“No one quite knows or will probably ever know the
exact financial cost of Iraq and Afghanistan, which is interesting in itself.
Some estimates put it at $1 trillion, some $2 trillion…. [NBC national affairs
writer Tom] Curry cites a Congressional Budget Office report saying the Iraq
operation had cost $767 billion as of January 2012. Whatever the number, it
added to deficits and debt, and along with the Bush administration's domestic
spending helped erode the Republican Party's reputation for sobriety in fiscal
affairs.”— Peggy Noonan, “Can the Republican Party Recover From Iraq?” The
Wall Street Journal, March 23, 2013
You can read from here to eternity all the analyses
of what ails the Republican Party. The general tone about its problems with
Hispanics, gays, women, you name it—i.e., that the party has just sustained a huge
gash in its well-heeled ocean liner, and that all aboard have spilled into the
icy waters, where they’ll drown in the near future—sounds awfully familiar to
me. I read similar obituaries about the GOP in 1977, after a shellacking over
Watergate and an intraparty nomination slugfest left it without control of the
White House and Congress. Come to think of it, I heard the same thing about
them four years ago, before they assumed control of both houses of Congress.

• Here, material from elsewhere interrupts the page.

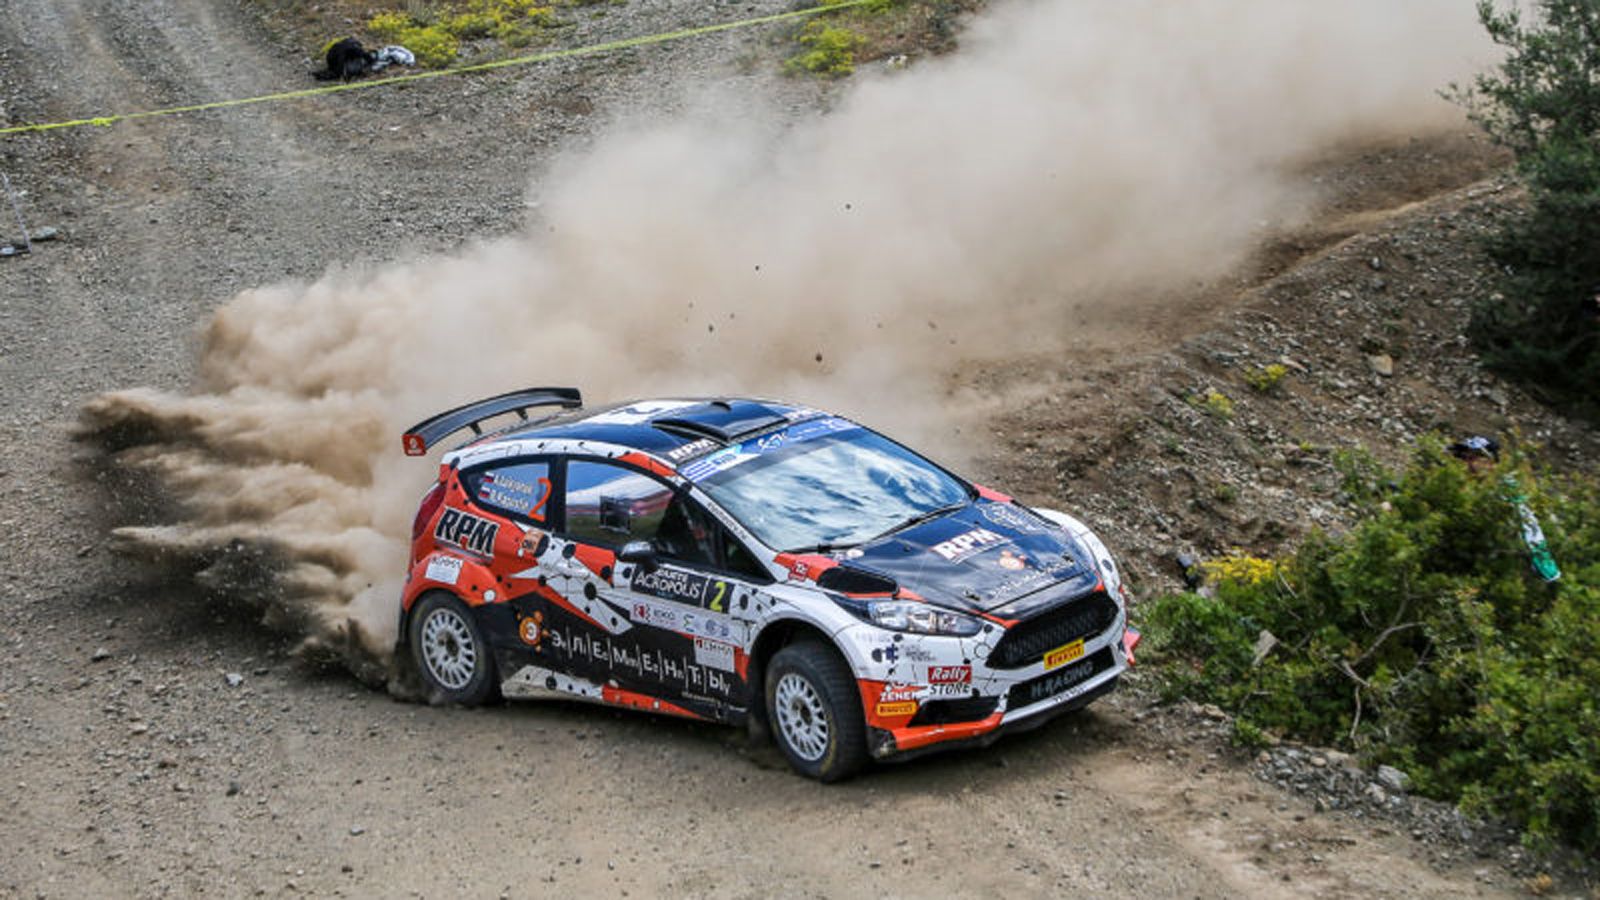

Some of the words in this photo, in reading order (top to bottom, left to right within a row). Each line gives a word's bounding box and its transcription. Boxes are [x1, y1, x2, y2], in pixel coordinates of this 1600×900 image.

Much of the same wailing could be heard about the Democrats, in fact, in the 12 sorry
years before Bill Clinton was elected.
Think of it another way: The party fielded a
hapless candidate that New York Times
columnist David Brooks rightly likened to Thurston Howell III of Gilligan’s Island, and it still polled 47% of the vote in the last
Presidential campaign. A full-fledged economic or military disaster tagged to the Obama administration would put the Oops! (sorry, I mean Opposition) Party back in business.
But Peggy Noonan’s column, I think, is onto something important. Tones, even
policies, on social issues can be adjusted. But the Iraq War delivered a body
blow that the Republican Party, and the nation, could ill afford to sustain.
“Did the Iraq war hurt the GOP? Yes,” the former
speechwriter for Ronald Reagan bluntly admits. “The war, and the crash of '08, half
killed it. It's still digging out, and whether it can succeed is an open
question.”
The damage to U.S. lives is, in comparison with
other U.S. wars, not so steep: roughly 4,000 deaths, plus another 2,000 for
Afghanistan. The two combined are roughly comparable to losses sustained in the
Spanish-American War and the far less-well-known subsequent struggle to quash
the Philippine independence movement. But they pale in comparison, both in
absolute terms and as percentages of the total population, with deaths in the
War of 1812, the Mexican-American War, the American Revolution, Korea, Vietnam,
WWI, WWII, and the Civil War.
But the cost in other ways is as bad as these other wars, perhaps even
more so. Noonan’s column—which should be required reading at GOP
headquarters—takes note of how the war affected perceptions of its foreign
policy, the meaning of conservatism, the dominance that began with Reagan,
dissent within the party, and the reputation of its Washington establishment.
But the fiscal damage caused by the war—the one
alluded to in this quote--might be most insidious. Following the war, no
Republican really had the right to complain about deficits caused by President
Obama—they began on George W. Bush’s watch. More than a few longtime party
members knew this, which is why, for instance, Noonan's normal criticism of Democrats was considerably more muted in the '08 Presidential campaign, and why Christopher Buckley, son of the founder of the modern conservative movement, came out and actually endorsed Obama. The rising tide of right-wing discontent about Dubya’s
domestic spending would not have risen so sharply without war-worsened budget
deficits. That energized the libertarian/Tea Party wing of the GOP, with
consequences its Establishment members are still trying to contain.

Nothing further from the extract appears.